(Task brief): Images should not appear in the copy, yet every line of the listing below must be printed exactly.
--- START ---
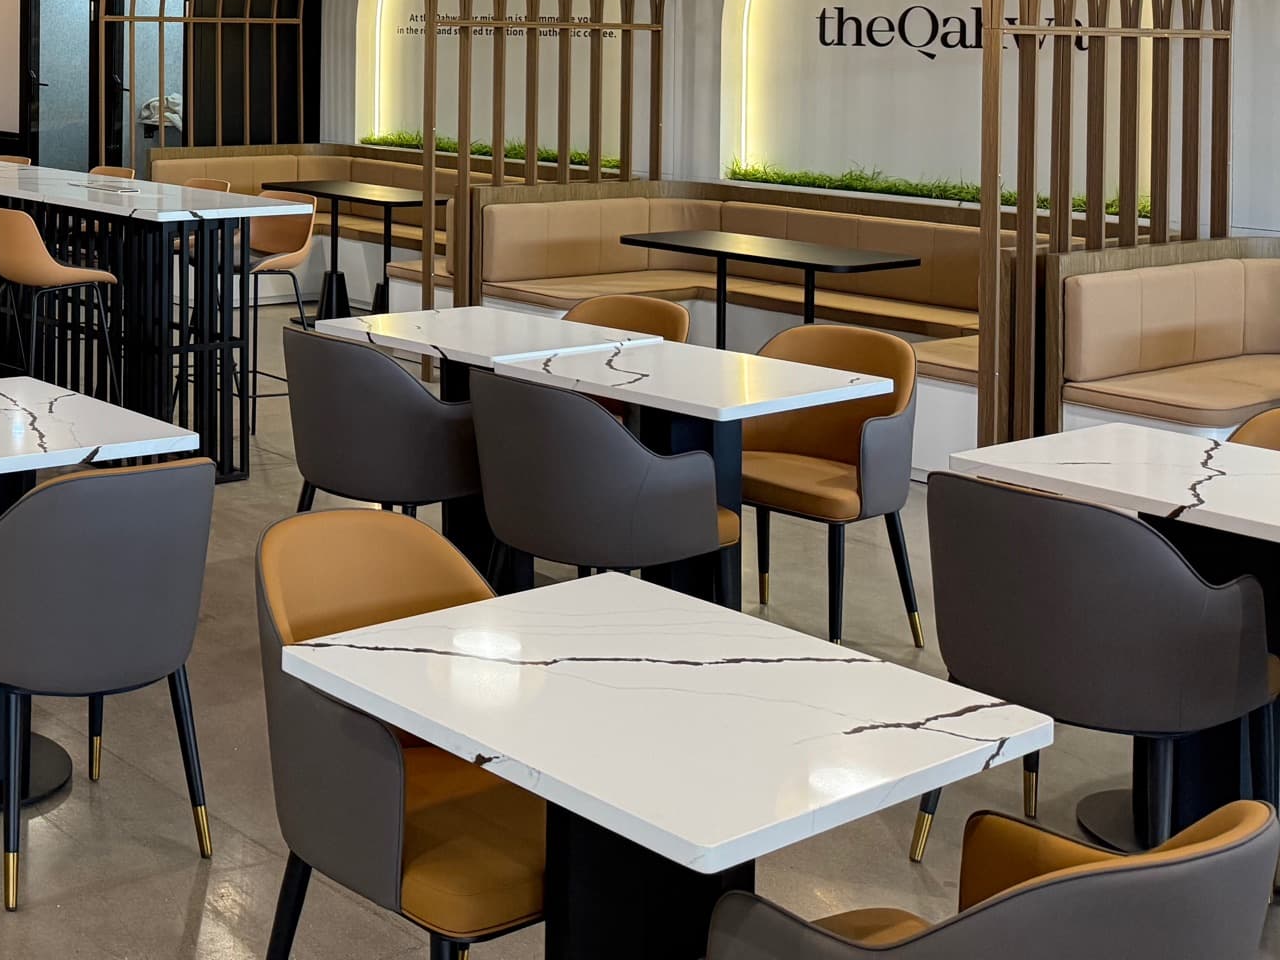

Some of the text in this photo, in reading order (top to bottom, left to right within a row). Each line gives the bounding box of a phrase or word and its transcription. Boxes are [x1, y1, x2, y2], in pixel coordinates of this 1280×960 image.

[409, 13, 418, 22] At
[396, 25, 404, 34] in
[406, 25, 418, 34] the
[436, 26, 452, 35] and
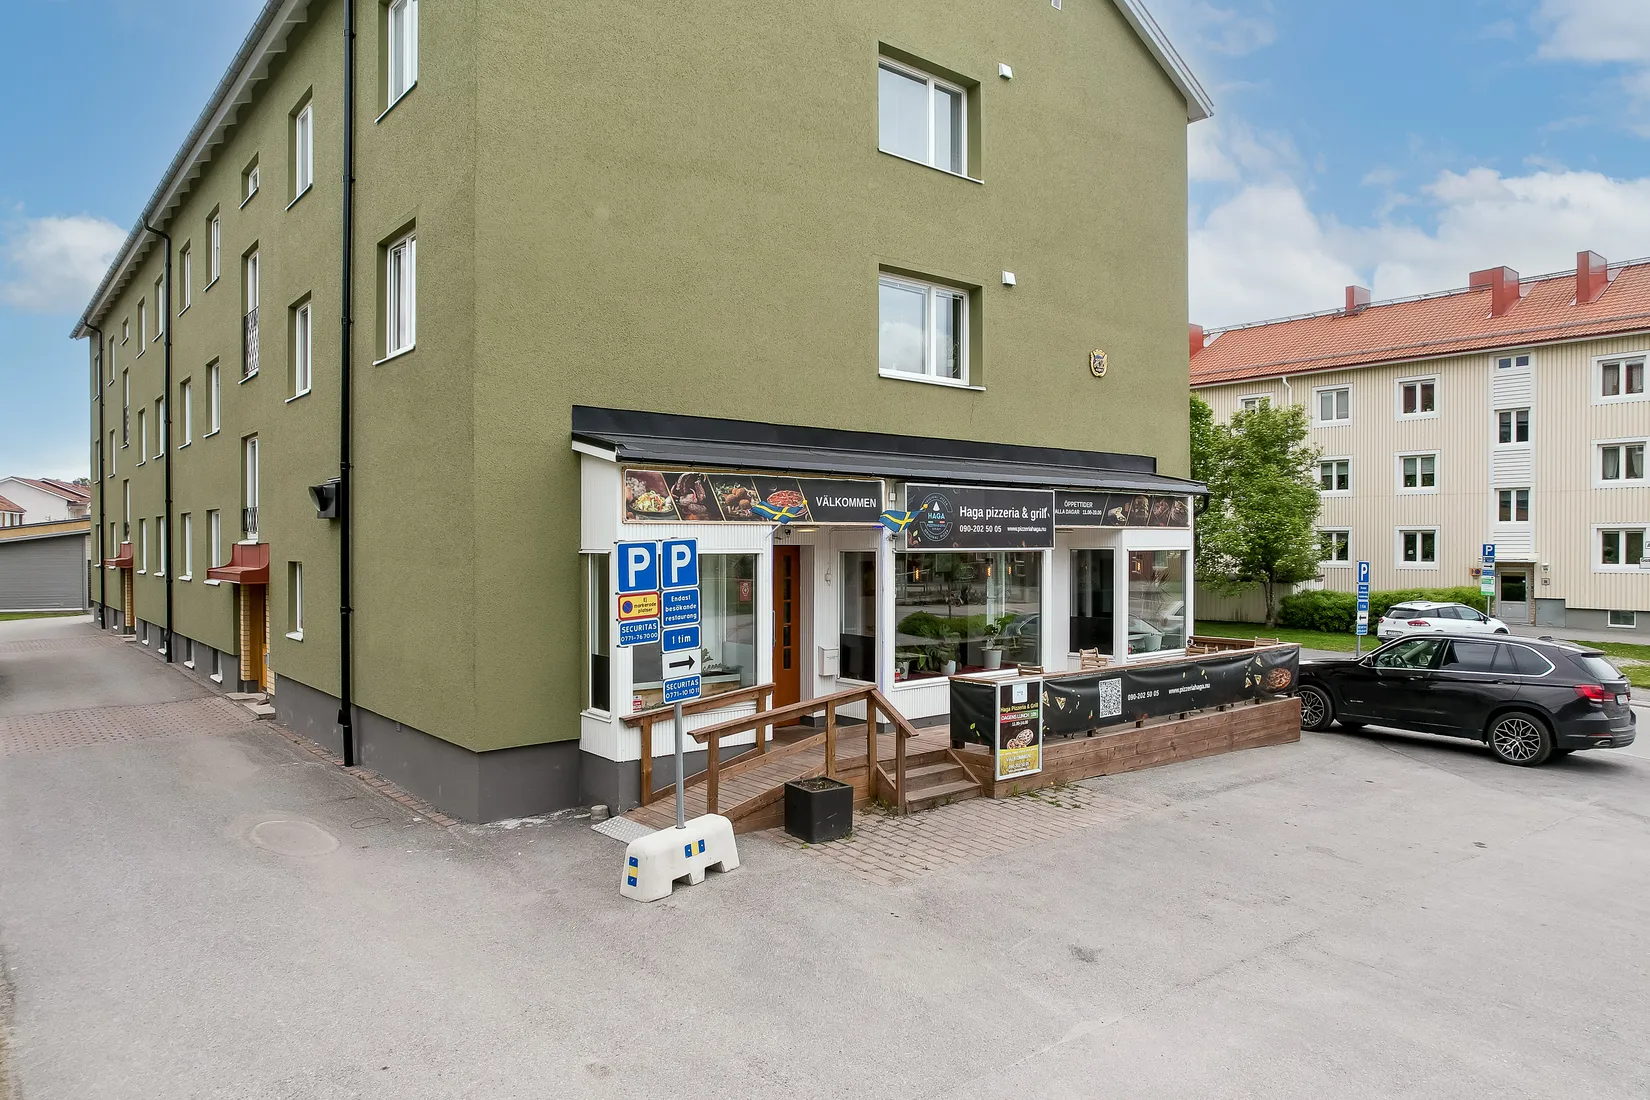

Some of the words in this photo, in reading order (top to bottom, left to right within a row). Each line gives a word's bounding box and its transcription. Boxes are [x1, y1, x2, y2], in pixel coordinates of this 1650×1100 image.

[816, 496, 877, 508] VÄLKOMMEN
[959, 506, 983, 520] Haga
[986, 507, 1020, 520] pizzeria
[1022, 507, 1028, 518] &
[1031, 507, 1048, 521] grill
[1486, 546, 1493, 555] P
[628, 547, 651, 588] P
[672, 544, 691, 584] P
[1361, 563, 1368, 581] P
[665, 604, 697, 612] besökande
[665, 613, 697, 622] restaurang
[622, 623, 657, 633] SECURITAS
[672, 636, 675, 644] 1
[678, 634, 691, 644] tim
[666, 679, 699, 691] SECURITAS
[1168, 683, 1210, 694] www.pizzeriahaga.nu
[666, 690, 688, 699] 0771-10
[1127, 692, 1146, 701] 090-202
--- END ---
(Answer area):
Some of the text in this photo, in reading order (top to bottom, left to right within a row). Each line gives the bounding box of a phrase or word and its transcription. Boxes are [x1, y1, x2, y2], in pixel coordinates of this 1280×960 image.

[409, 13, 418, 22] At
[396, 25, 404, 34] in
[406, 25, 418, 34] the
[436, 26, 452, 35] and

Some of the words in this photo, in reading order (top to bottom, left to right within a row). Each line gives a word's bounding box and its transcription. Boxes are [x1, y1, x2, y2], in pixel coordinates of this 1650×1100 image.

[816, 496, 877, 508] VÄLKOMMEN
[959, 506, 983, 520] Haga
[986, 507, 1020, 520] pizzeria
[1022, 507, 1028, 518] &
[1031, 507, 1048, 521] grill
[1486, 546, 1493, 555] P
[628, 547, 651, 588] P
[672, 544, 691, 584] P
[1361, 563, 1368, 581] P
[665, 604, 697, 612] besökande
[665, 613, 697, 622] restaurang
[622, 623, 657, 633] SECURITAS
[672, 636, 675, 644] 1
[678, 634, 691, 644] tim
[666, 679, 699, 691] SECURITAS
[1168, 683, 1210, 694] www.pizzeriahaga.nu
[666, 690, 688, 699] 0771-10
[1127, 692, 1146, 701] 090-202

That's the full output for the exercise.